Records shown: Begin
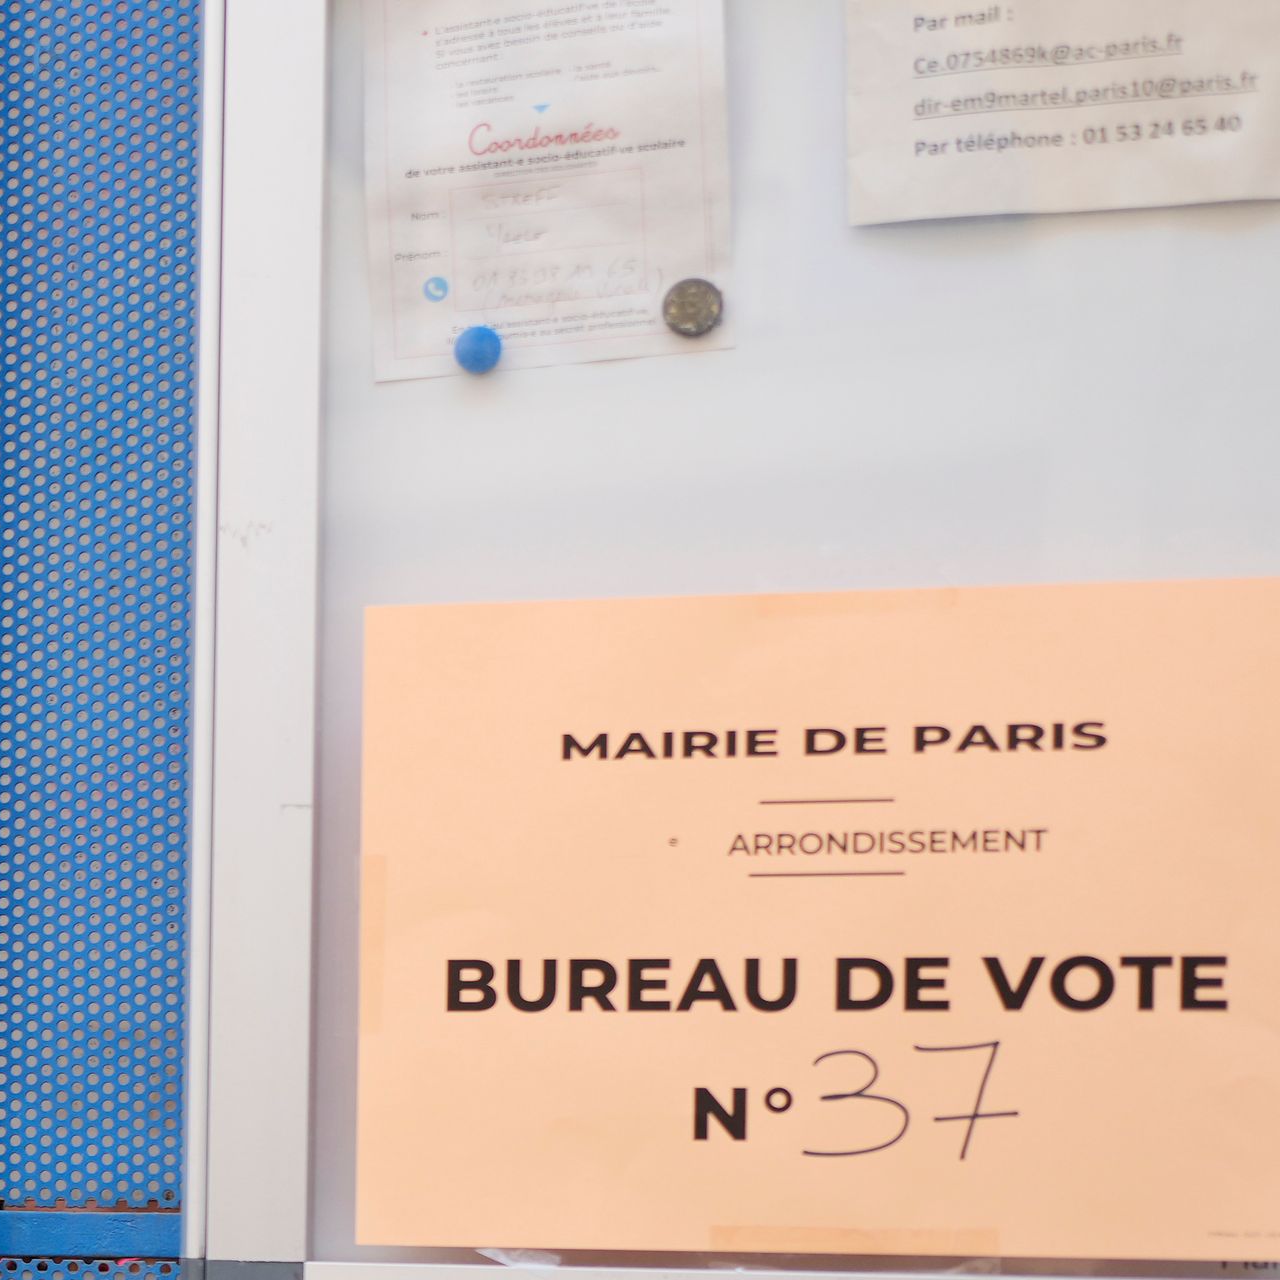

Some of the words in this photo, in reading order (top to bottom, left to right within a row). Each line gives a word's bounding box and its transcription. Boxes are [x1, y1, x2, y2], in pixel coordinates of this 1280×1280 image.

[913, 15, 948, 32] Par
[954, 6, 1000, 28] mail
[467, 121, 620, 156] Coordonnées
[914, 140, 948, 157] Par
[956, 131, 1064, 155] téléphone
[1082, 127, 1108, 146] 01
[1115, 124, 1142, 143] 53
[1148, 121, 1175, 140] 24
[1181, 118, 1207, 136] 65
[1214, 115, 1242, 133] 40
[405, 168, 421, 179] de
[423, 164, 455, 177] votre
[637, 138, 686, 153] scolaire
[410, 209, 440, 223] Nom
[561, 729, 779, 760] MAIRIE
[803, 726, 888, 756] DE
[913, 721, 1109, 754] PARIS
[728, 829, 1049, 857] ARRONDISSEMENT
[446, 957, 798, 1013] BUREAU
[835, 956, 951, 1011] DE
[982, 955, 1229, 1012] VOTE
[692, 1086, 794, 1141] N°
[802, 1040, 1020, 1160] 37
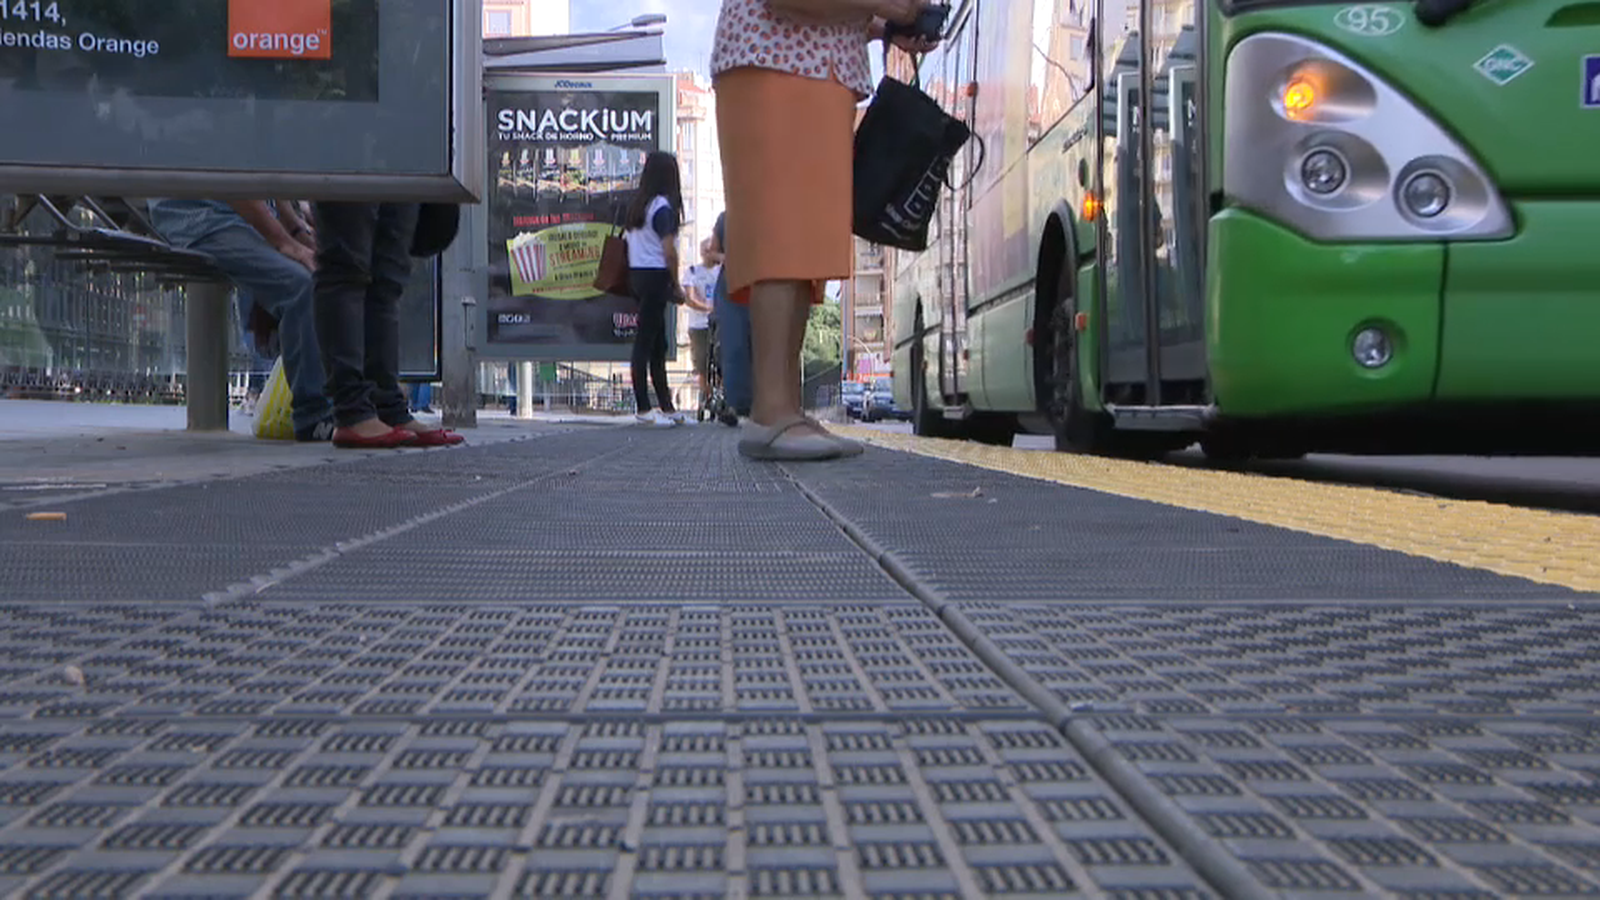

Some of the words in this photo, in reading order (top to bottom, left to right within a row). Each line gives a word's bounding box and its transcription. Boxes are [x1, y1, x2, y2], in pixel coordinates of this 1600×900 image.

[1348, 6, 1389, 32] 95
[78, 32, 159, 57] Orange
[513, 132, 543, 140] SNACK
Records shown: End
Problem description
Output exactly the lines from the one holding "this 1600×900 image." to the end of the material above, with both ends included.

The completed task
Some of the words in this photo, in reading order (top to bottom, left to right within a row). Each line gives a word's bounding box and its transcription. Boxes are [x1, y1, x2, y2], in pixel coordinates of this 1600×900 image.

[1348, 6, 1389, 32] 95
[78, 32, 159, 57] Orange
[513, 132, 543, 140] SNACK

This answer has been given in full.